Stream: bulk data
Topic: Breakout notes
Josh Mandel (Sep 14 2019 at 19:08):
We're looking at https://github.com/smart-on-fhir/bulk-import/blob/master/import.md ; and roundtable to share experience, directions. I'll keep some live notes here...
Josh Mandel (Sep 14 2019 at 19:10):
inputSource
inputSource
currently required, but may not be relevant/known in real life (e.g., for synthetic data). Today, we use this to track light-weight provenance from inputs -> imported resources.
Josh Mandel (Sep 14 2019 at 19:11):
What's it really trying to track? Goal is to be able to recognize data from the same source, over time.
Josh Mandel (Sep 14 2019 at 19:13):
We can't assume that all resources in an import have the same real-world origin.
Josh Mandel (Sep 14 2019 at 19:15):
Proposal: keep inputSource
as required, but update docs to note that it's a URI, specified by the client, meant to track data imported through its lifecycle. Use "a FHIR server base URL" as an example but not the definition of this field.
Josh Mandel (Sep 14 2019 at 19:16):
We can also note that clients may provide more detailed Provenance along the way.
Josh Mandel (Sep 14 2019 at 19:19):
Note that Resource.id
in an import should be unique (no distinct resources that share an ID).
Josh Mandel (Sep 14 2019 at 19:19):
inputFormat
In GCP, there are use cases for importing Bundles (i.e., unwrap-bundle-and-import-the-entries) as well as piles of resources.
Josh Mandel (Sep 14 2019 at 19:20):
Can there be something like an "unwrap" mode, or even deeper Bundle semantics?
Josh Mandel (Sep 14 2019 at 19:21):
1. Resources in NDJSON
2. Resources in JSON (one per file)
3. Bundles in NDJSON
4. Bundles in JSON (one per file)
Josh Mandel (Sep 14 2019 at 19:21):
Synthea is an example of (4)
Josh Mandel (Sep 14 2019 at 19:21):
Current bulk data export is an example of (1)
Josh Mandel (Sep 14 2019 at 19:22):
No real organic use for (2); a little for (3).
Josh Mandel (Sep 14 2019 at 19:26):
Which do we want to enable in a standard way, and which do we want to require?
Josh Mandel (Sep 14 2019 at 19:29):
Proposal: require support for (1), and define support for all four. With respect to bundle types: build in a parameter that requests something like processBundleAsCollection
(so servers can introduce support for Bundles without being expected to manage transaction semantics).

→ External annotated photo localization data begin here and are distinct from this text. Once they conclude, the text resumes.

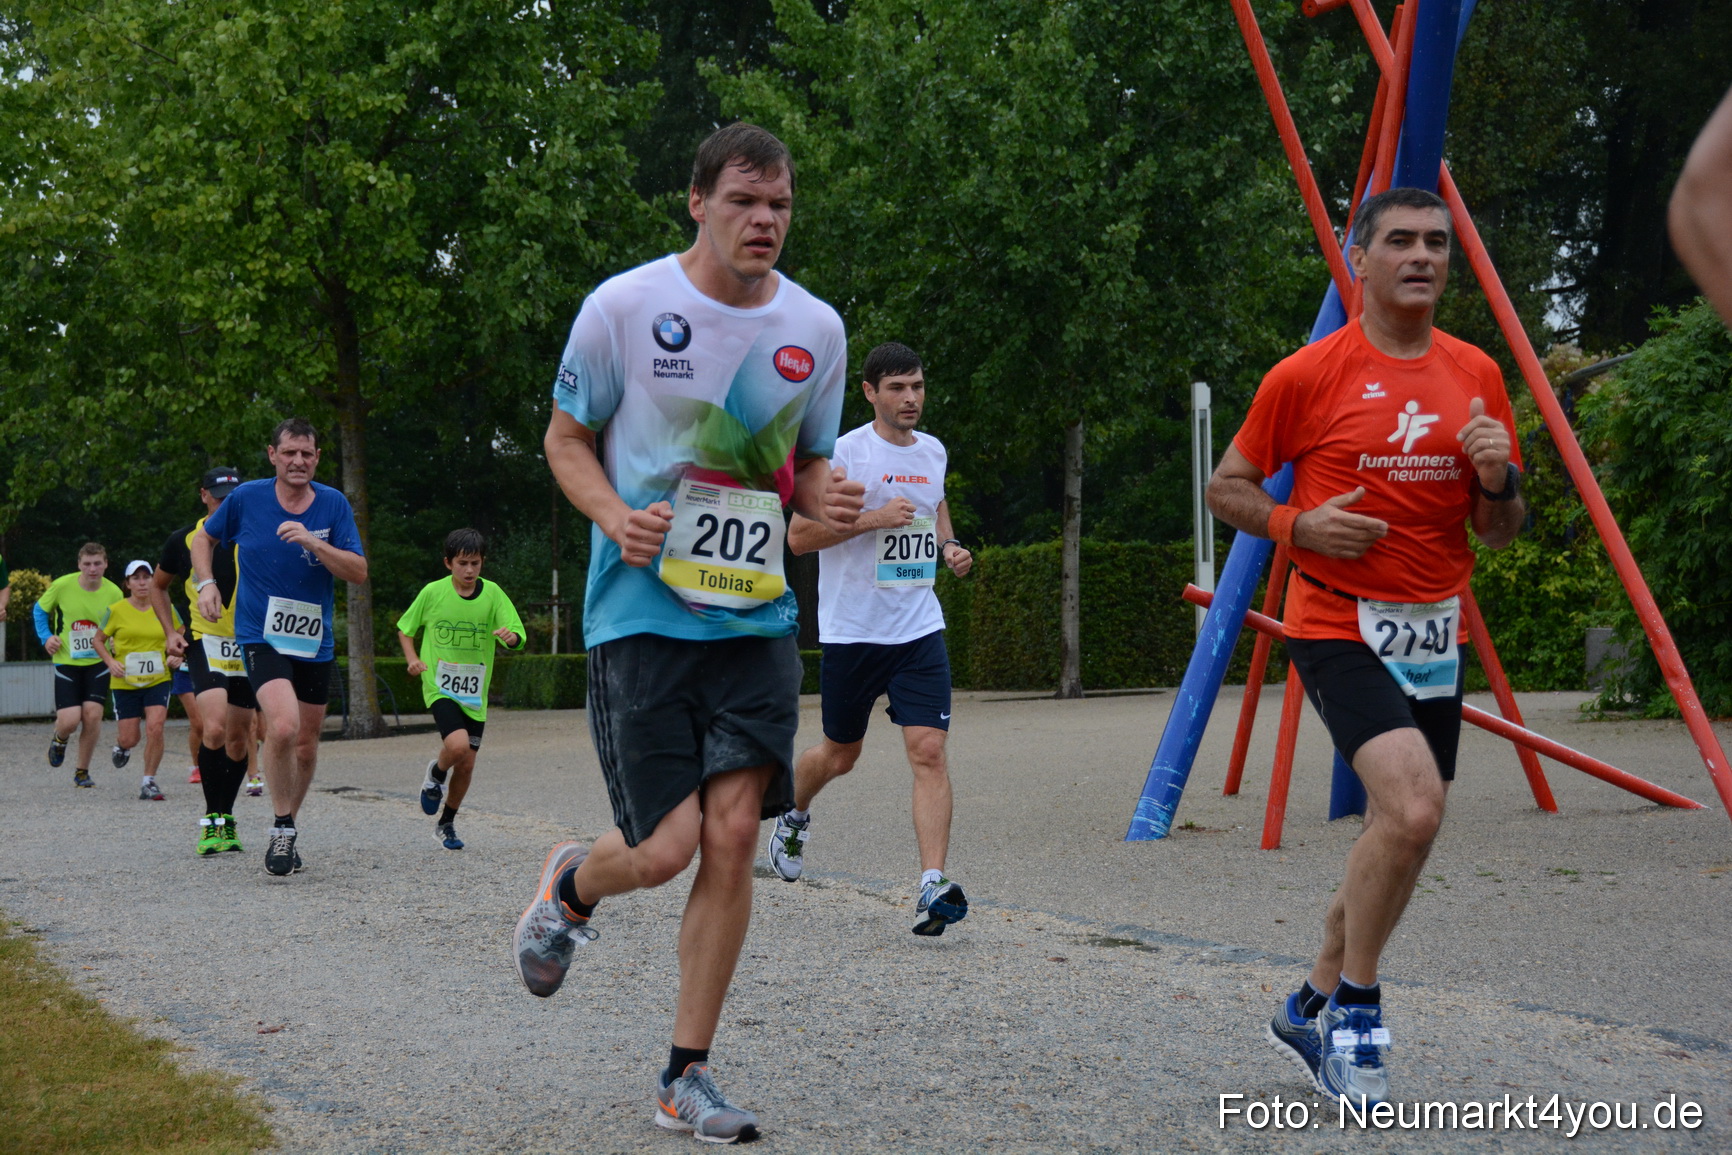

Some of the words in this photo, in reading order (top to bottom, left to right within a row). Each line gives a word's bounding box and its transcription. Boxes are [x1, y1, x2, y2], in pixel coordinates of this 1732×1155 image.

[655, 313, 688, 328] BMW
[653, 359, 694, 371] PARTL
[653, 370, 694, 380] Neumarkt
[1362, 391, 1386, 399] erima
[1357, 453, 1455, 471] funrunners
[895, 475, 931, 484] KLEBL
[1387, 467, 1461, 481] neumarkt
[685, 494, 721, 506] NeuerMarkt
[728, 492, 782, 513] BOCK
[691, 513, 771, 566] 202
[883, 532, 935, 561] 2076
[896, 567, 924, 579] Sergej
[698, 569, 754, 593] Tobias
[272, 611, 322, 637] 3020
[138, 660, 155, 674] 70
[441, 673, 480, 694] 2643
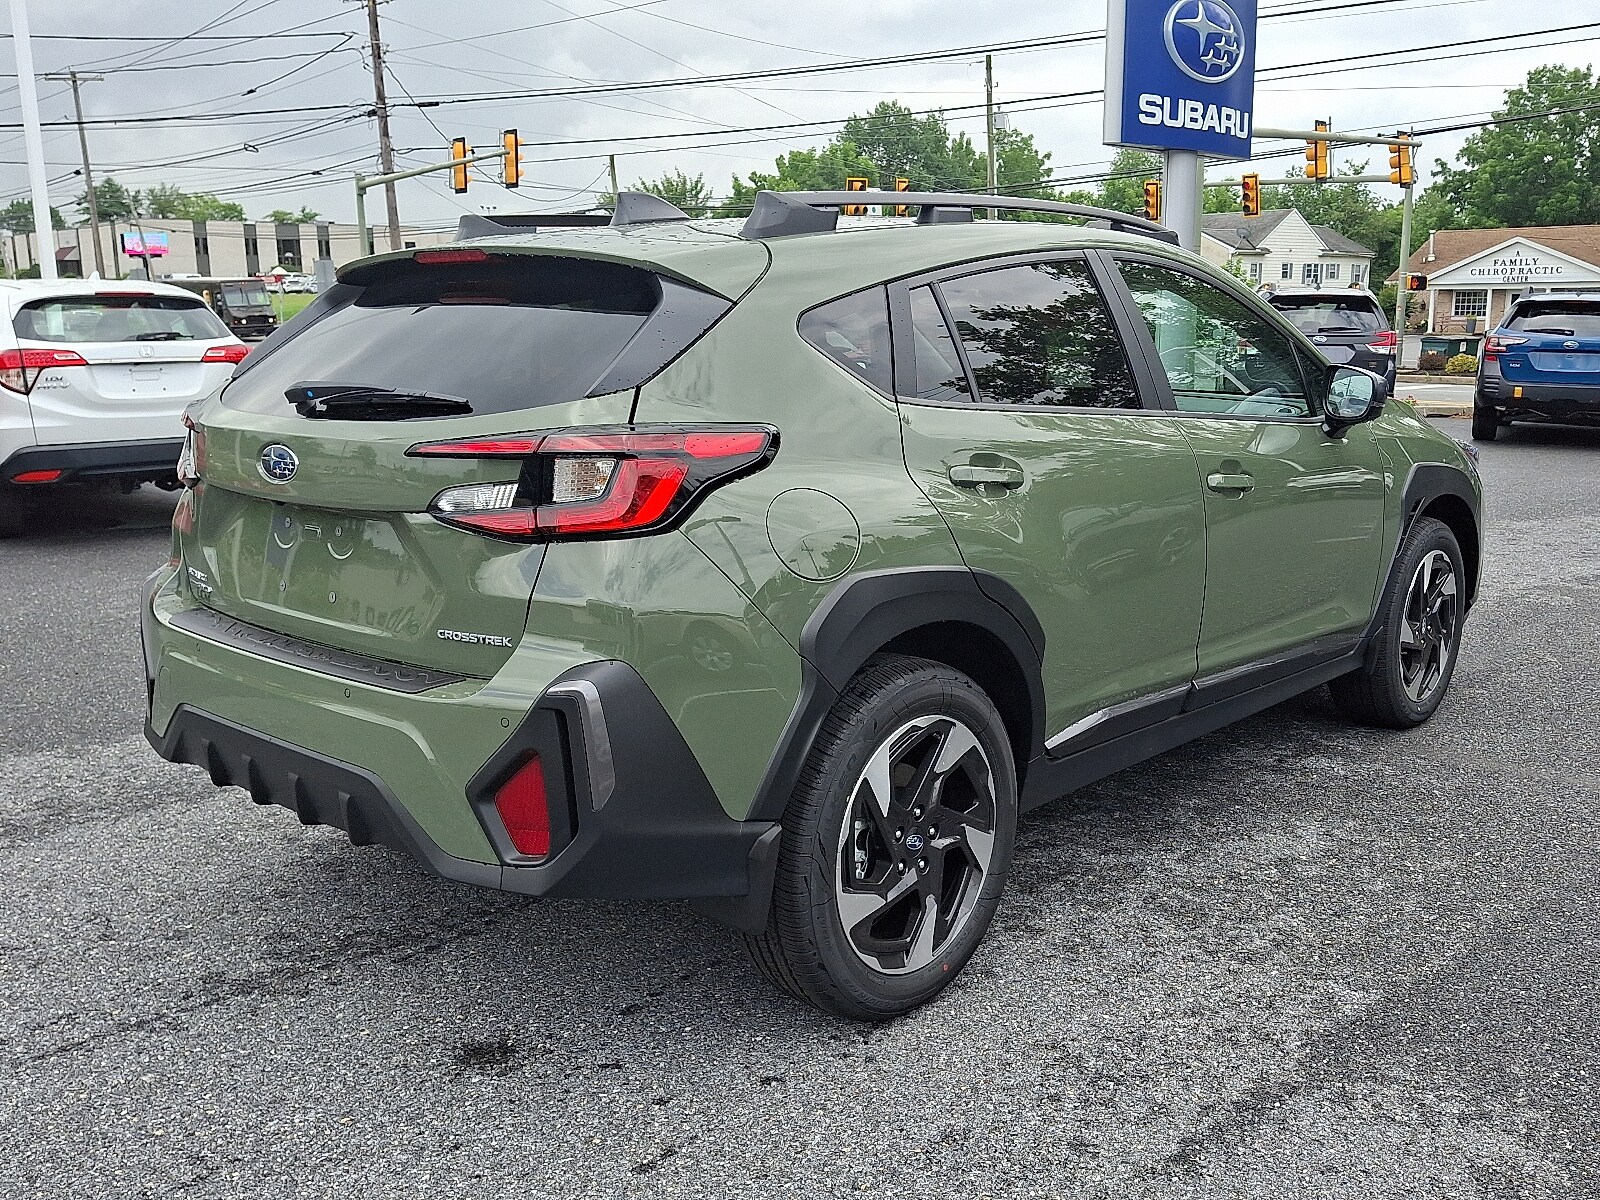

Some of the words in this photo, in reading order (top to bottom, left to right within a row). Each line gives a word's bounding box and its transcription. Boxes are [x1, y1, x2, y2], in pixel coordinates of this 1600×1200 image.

[1138, 93, 1249, 139] SUBARU
[1493, 258, 1539, 267] FAMILY
[1470, 266, 1563, 276] CHIROPRACTIC
[437, 629, 513, 648] CROSSTREK

Josh Mandel (Sep 14 2019 at 19:31):
input.type
Josh Mandel (Sep 14 2019 at 19:33):
DO servers need uniform types per file?
Josh Mandel (Sep 14 2019 at 19:34):
- use case for servers that are going to just provide analytics
- maintain type-based dependencies in an import (e.g., for CMS API that wants a heuristic like "load organizations; then practitions; then patients".)

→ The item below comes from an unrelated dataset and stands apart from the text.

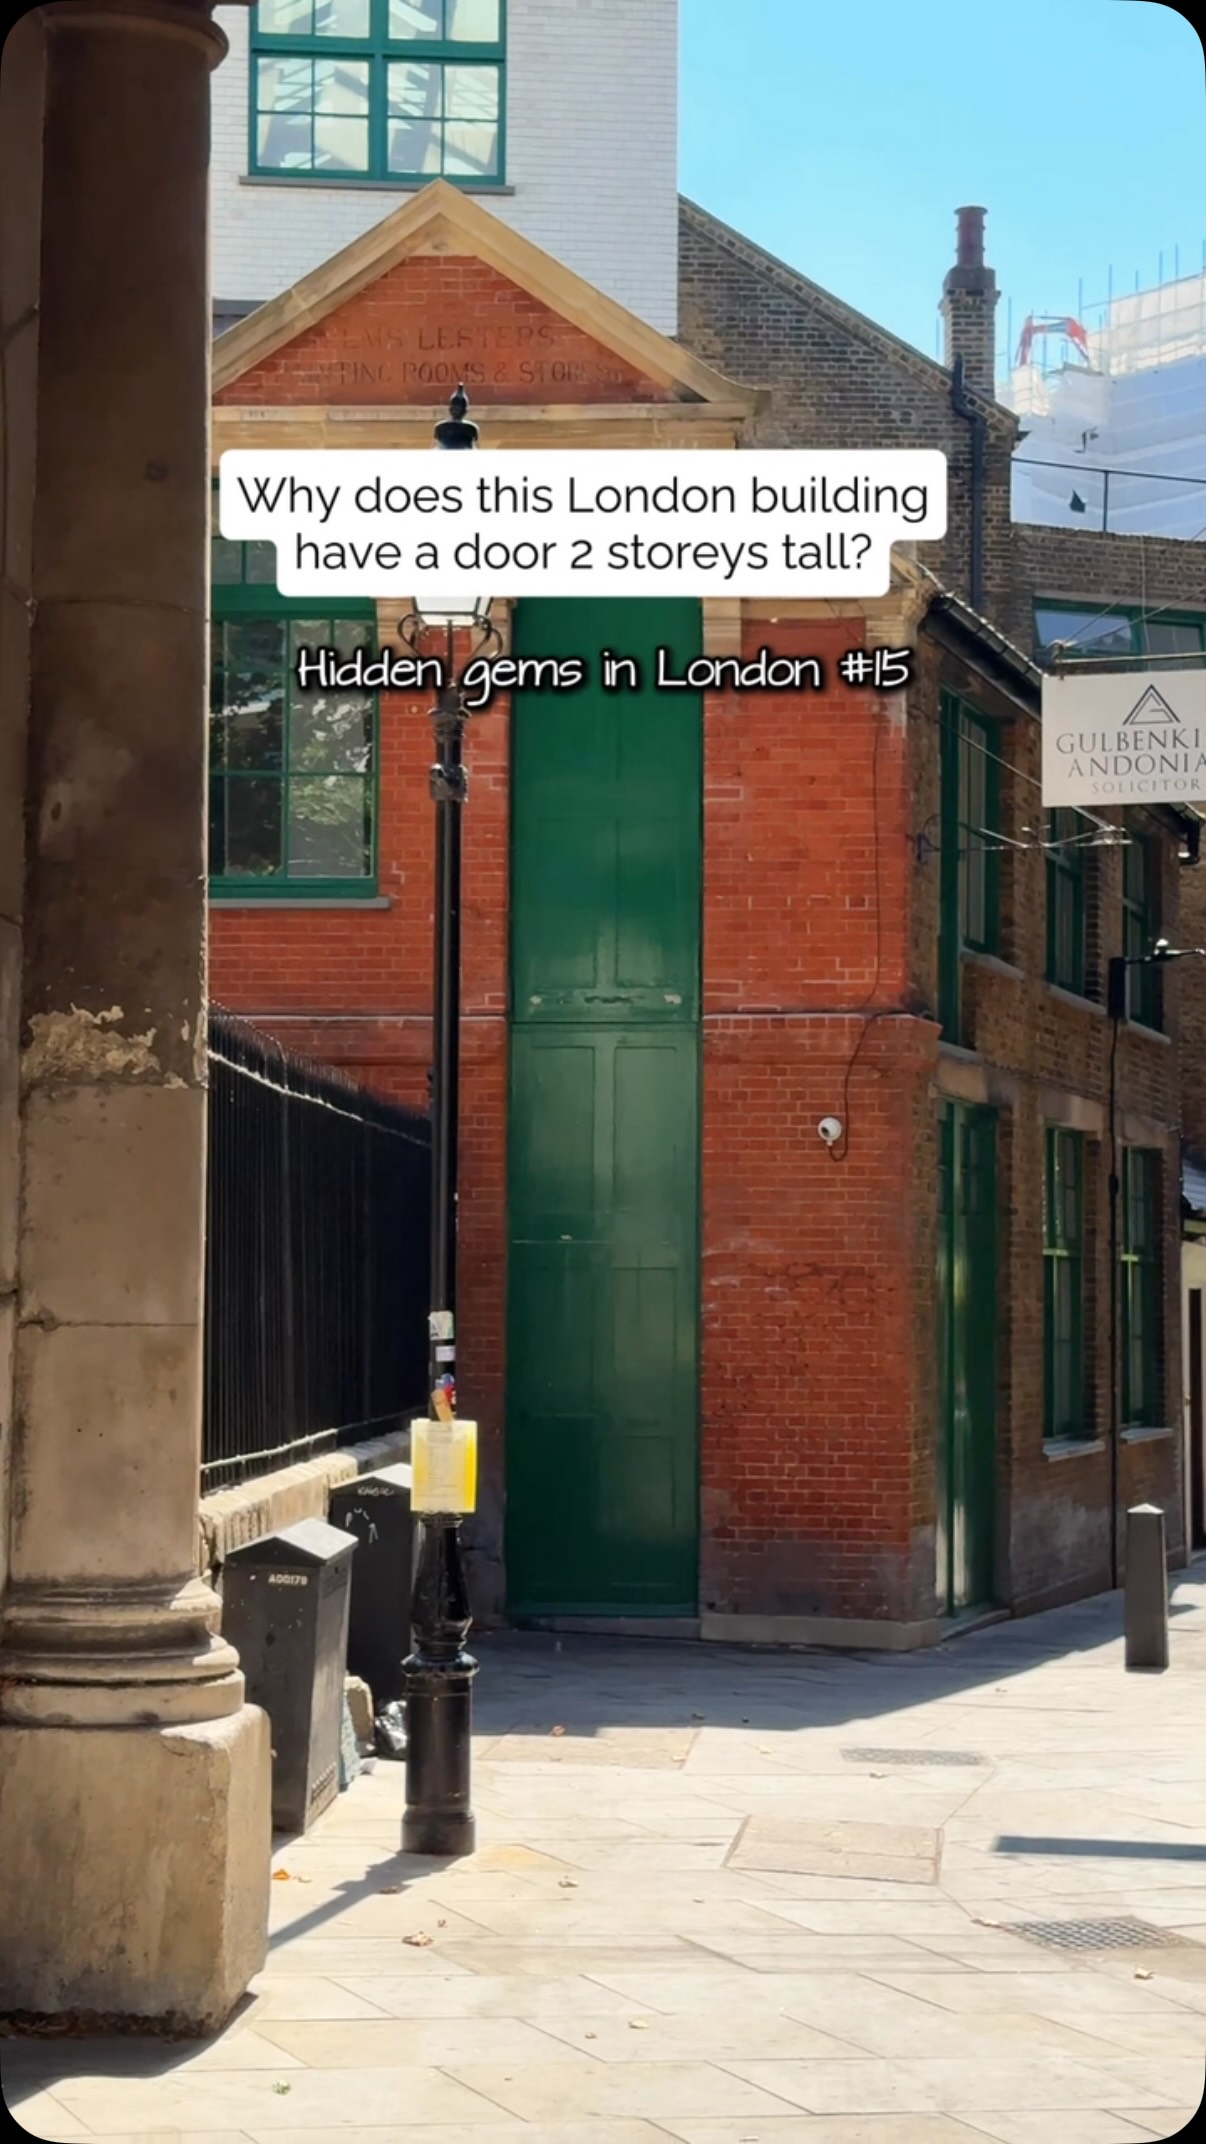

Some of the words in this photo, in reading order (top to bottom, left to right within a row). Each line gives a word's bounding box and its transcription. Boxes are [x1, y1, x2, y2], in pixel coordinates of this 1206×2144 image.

[493, 361, 509, 384] &
[1056, 728, 1206, 754] GULBENKI
[1091, 778, 1201, 794] SOLICITOR

Josh Mandel (Sep 14 2019 at 19:37):
Today, most heterogeneous sets of resources are in the context of bundles (GCP import experience)
Josh Mandel (Sep 14 2019 at 19:47):
Proposal: Enable support for "mixed-type" payloads, achieved by a client omitting input.type
. Some servers might refuse to process mixed-type data.

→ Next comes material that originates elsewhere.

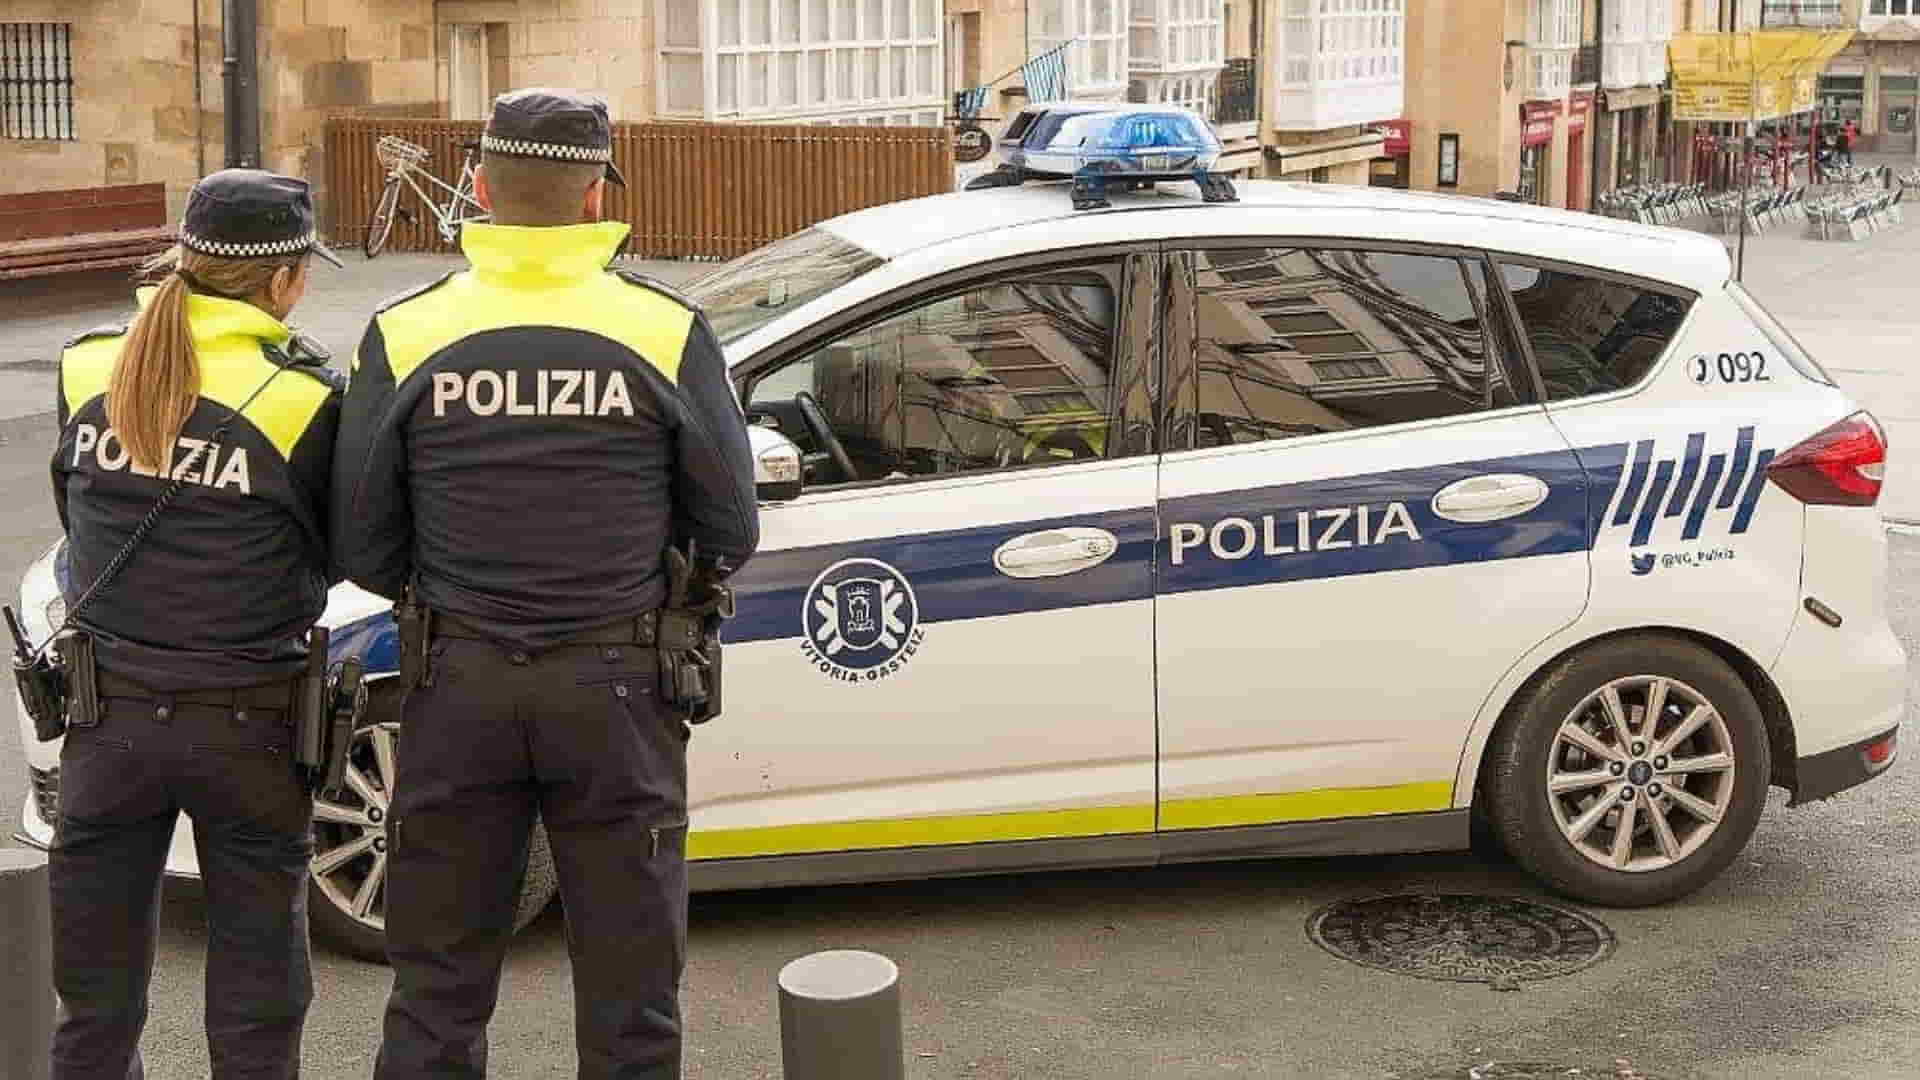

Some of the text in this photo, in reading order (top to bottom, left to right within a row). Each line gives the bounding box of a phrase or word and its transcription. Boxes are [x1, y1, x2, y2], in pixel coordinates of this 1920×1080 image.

[1718, 351, 1771, 383] 092
[432, 369, 635, 417] POLIZIA
[1169, 501, 1423, 565] POLIZIA

Josh Mandel (Sep 14 2019 at 19:48):
input.url
Josh Mandel (Sep 14 2019 at 19:51):
In GCP, cloud-bucket-backed imports provide the ability to list file paths with wildcards, like gcp://my-bucket/path-to/resources/Observation-*.json
. Is there something similar that could be done with https
-based storage?
Josh Mandel (Sep 14 2019 at 19:52):
How does success/error reporting work in the status response?
Josh Mandel (Sep 14 2019 at 19:53):
In GCP, logging is in stackdrive, with individual resource-level errors logged, but no file-level summaries.
Josh Mandel (Sep 14 2019 at 19:54):
Path expansion happens at the beginning of the import (probably ;-))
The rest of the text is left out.